An alternative approach to integrating the Ensembl and UCSC data would be to use distributed annotation server (DAS) (21). However the current specification of DAS only allows a limited glyph set, and does not, for instance, allow graphs to be represented.
We make extensive use of the plugin capability provided by GBrowse. A plugin is used to visualize the UCSC dataset of regulatory potential scores (22). This is a very large dataset, which we prefer not to store in our main GBrowse database. Instead, it is imported into a separate database and uses a plugin to connect GBrowse to the data. Similar plugins are used to visualize Fugu net scores and repeat density plots. We expect to add more plugins as we integrate additional data tracks that do not fit the built-in GBrowse model.
Another plugin facilitates genome annotation. The plugin uses BLAT (23) to align an mRNA sequence to the genome and convert the result into a GFF file. The user can then upload the file and view the annotation in GBrowse. To add the annotation to the permanent database, the user can email the GFF file to T1DBase, the file is then manually verified and loaded into the database.
We also use plugins to allow users to export selected data tracks to a file.
The T1DBase GBrowse provides the T1D research community with a rich genomic data environment by integrating the UCSC and Ensembl genomes and user contributed data.
Search
T1DBase offers a site-wide search capability that works across the multiple datasets present on the site. A technical subtlety is that different kinds of data require different search strategies which the software carries out behind the scenes. Genes are an important special case: the software can search for genes based on a variety of identifiers, including gene names, symbols, LocusLink IDs and UniGene IDs.
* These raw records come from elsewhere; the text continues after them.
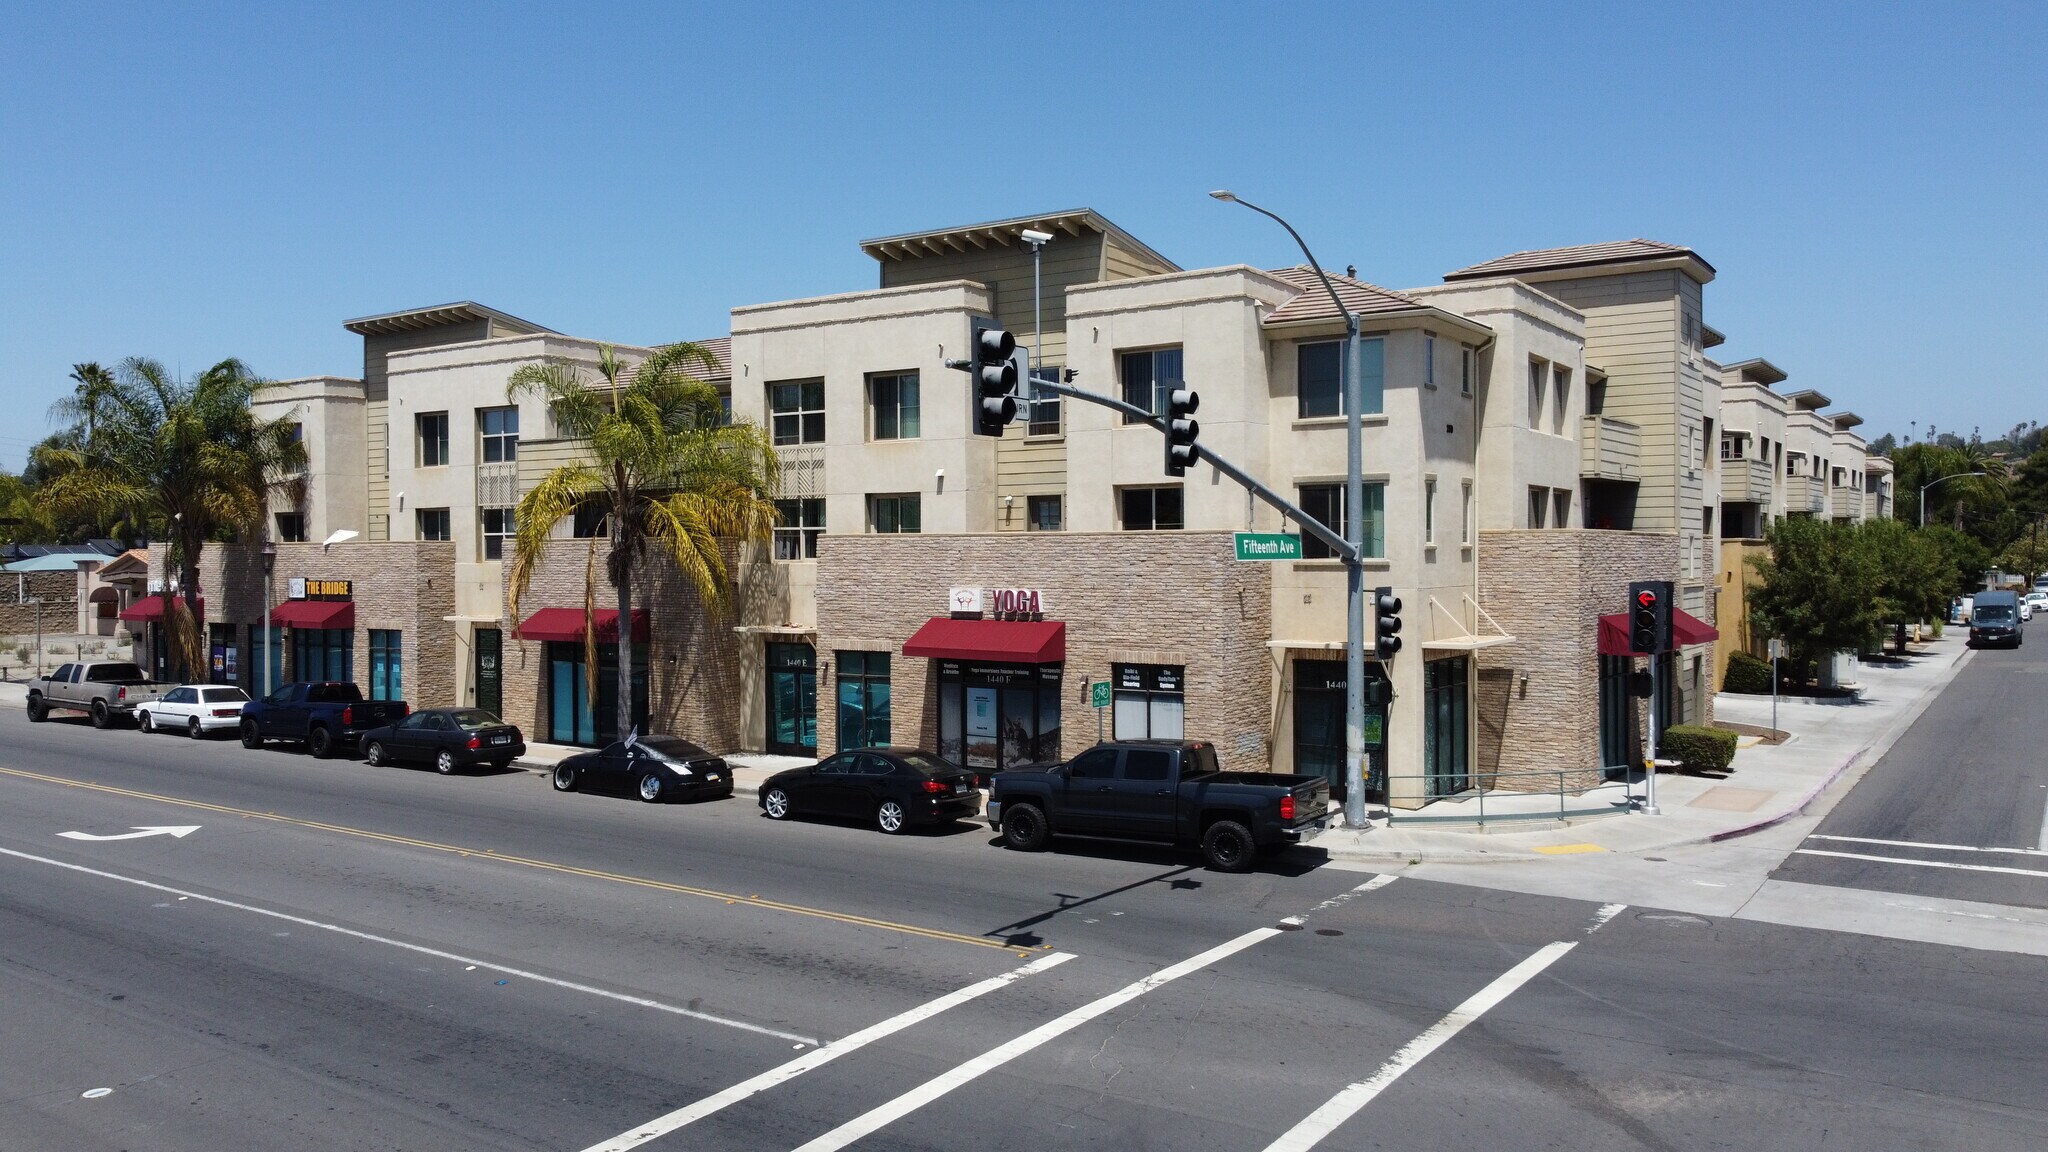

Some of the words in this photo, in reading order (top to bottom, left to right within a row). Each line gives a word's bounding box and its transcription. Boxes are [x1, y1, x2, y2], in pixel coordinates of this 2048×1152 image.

[1243, 539, 1278, 554] Fifteenth
[1280, 540, 1295, 554] Ave
[306, 581, 320, 595] THE
[321, 581, 348, 595] BRIDGE
[992, 589, 1040, 613] YOGA
[987, 675, 1004, 683] 1440
[1326, 680, 1347, 689] 1440
The search system is built on the open source Plucene package, a Perl port of the widely used Lucene package (24) (http://www.onjava.com).
Connect-the-Dots
Connect-the-Dots connects identifiers for genes and other entities based on information extracted from multiple data sources. It provides methods for parsing data sources to extract identifiers and connections among identifiers, and loading this information into an internal database. Users can query the database to connect identifiers from any number of sources by following paths composed of the parsed connections. For example, to find literature citations about genes of interest on an Affymetrix chip, a query can connect Affymetrix probeset identifiers to LocusLink identifiers using information from Affymetrix's annotation files and connect the LocusLink identifiers to PubMed identifiers using information in NCBI's LocusLink files. Longer and more complex paths are also possible. Queries are expressed in a special-purpose query language and are translated into SQL by the software.
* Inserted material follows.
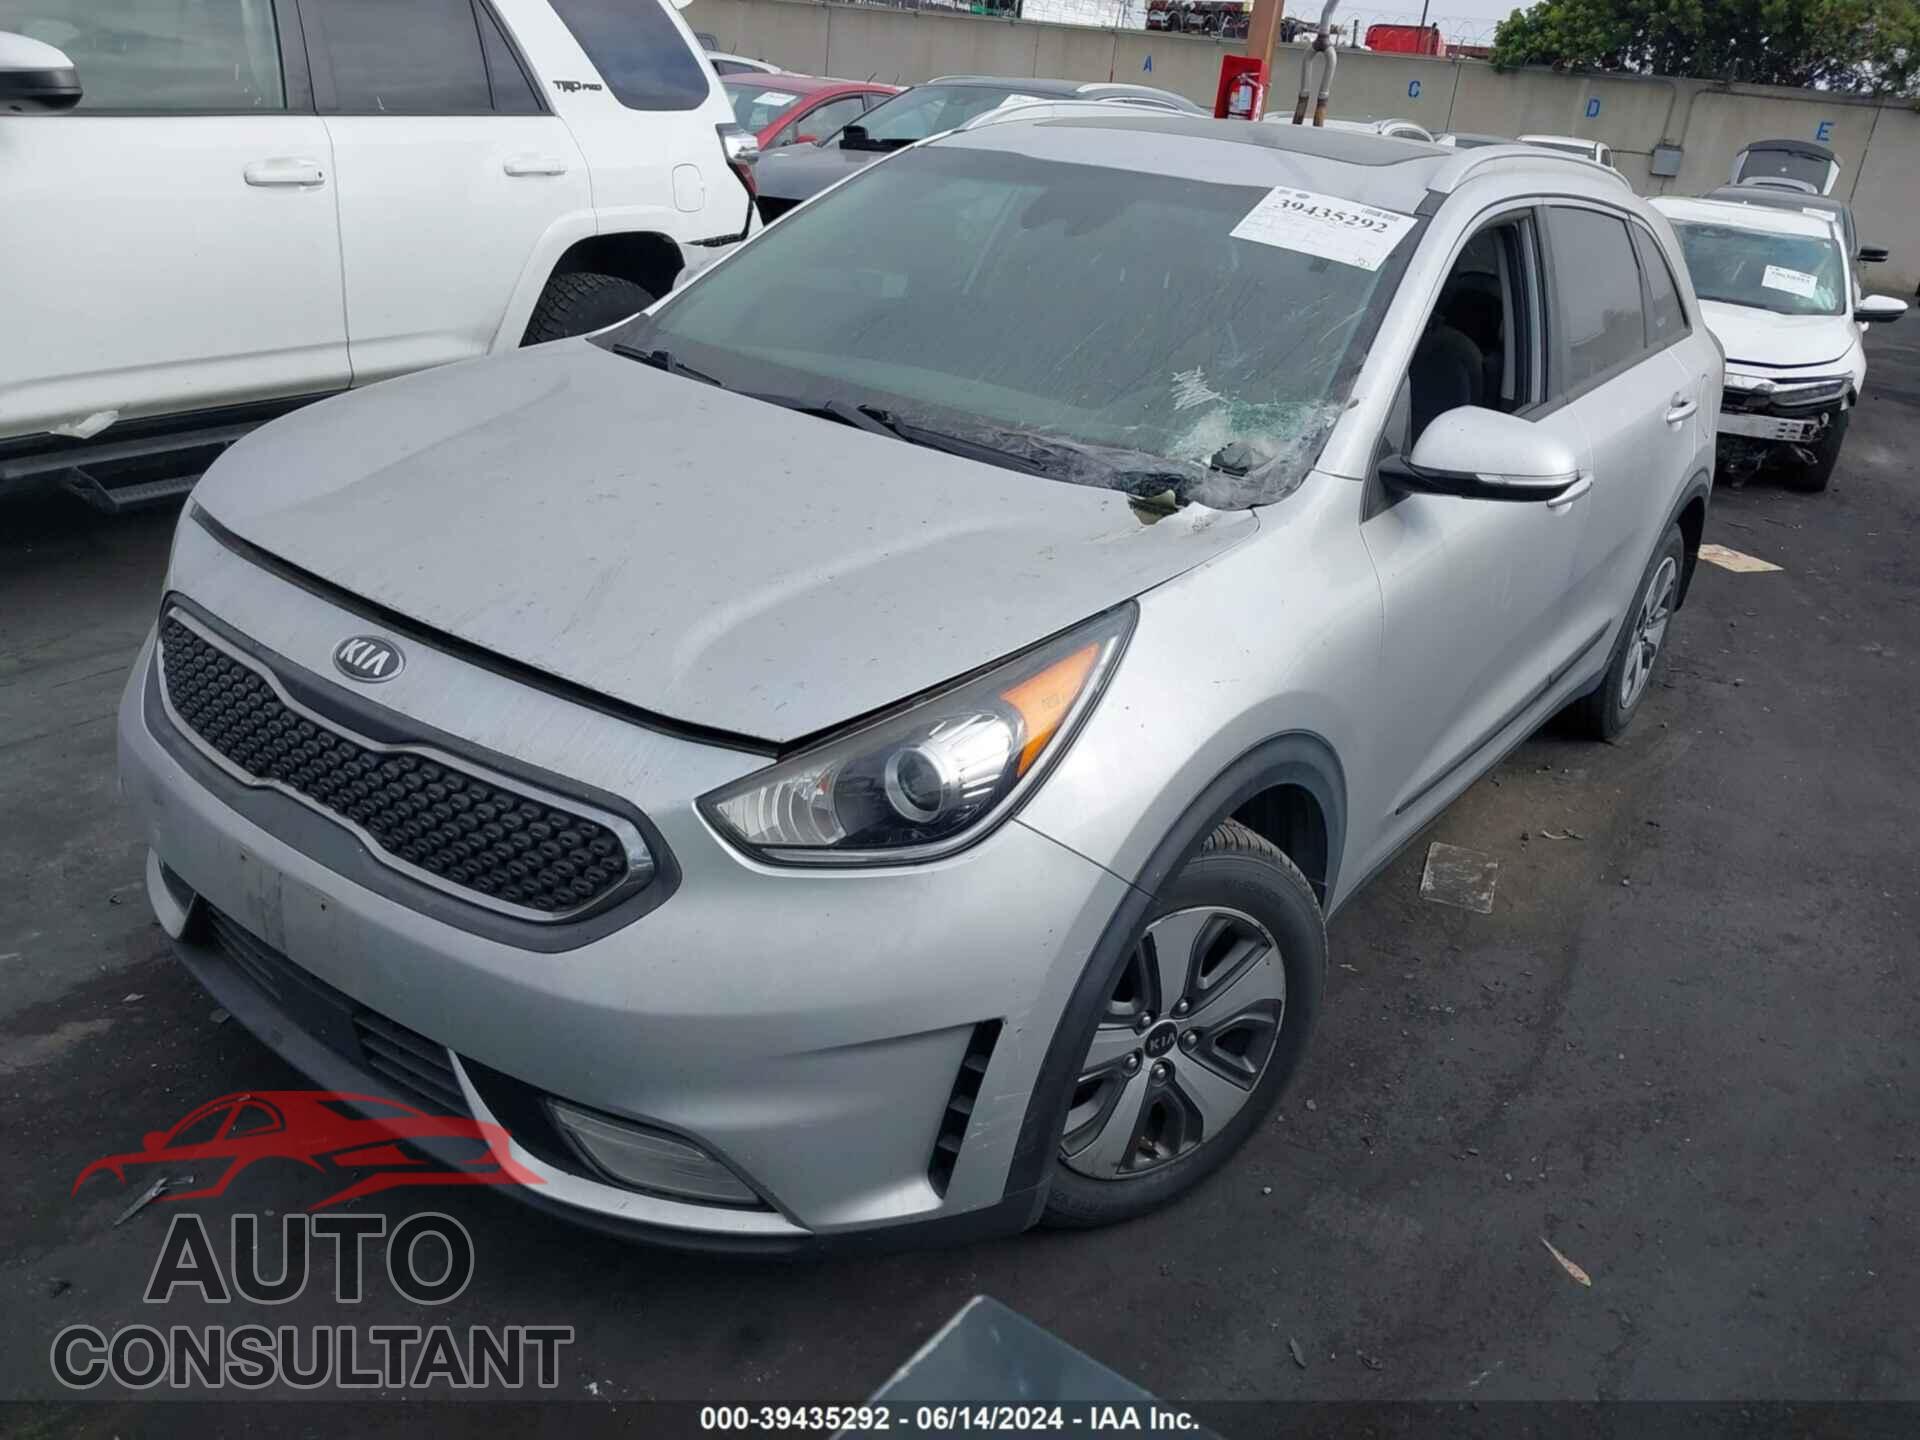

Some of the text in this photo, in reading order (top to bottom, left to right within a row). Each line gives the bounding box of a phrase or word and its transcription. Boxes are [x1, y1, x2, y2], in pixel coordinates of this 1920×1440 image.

The system can be used interactively over the Web, or as a batch resource to create specialized translation tables for specific purposes. Many of the translation tables used internally by T1DBase are constructed in this manner.
The current Connect-the-Dots database has information from LocusLink, UniGene (human, mouse and rat), OMIM, IPI, UniProt, HomoloGene, DoTS, several Affymetrix chips, and human and mouse PancChips (pancreas/islet-specific microarrays). The database contains 20 million unique identifiers and 42 million connections extracted from 2 million data source entries.
Cytoscape
Cytoscape (25) is a tool for visualizing and analyzing biological networks, defined broadly to include any collection of interacting bio-molecules. A common use of the software is to display networks of protein–protein and protein–DNA interactions, but it can also be used to display gene networks. A key feature is that Cytoscape can analyze networks in combination with gene expression data, e.g. to discover sub-networks with correlated expression, and annotation data such as Gene Ontology, e.g. to associate sub-networks with biological functions.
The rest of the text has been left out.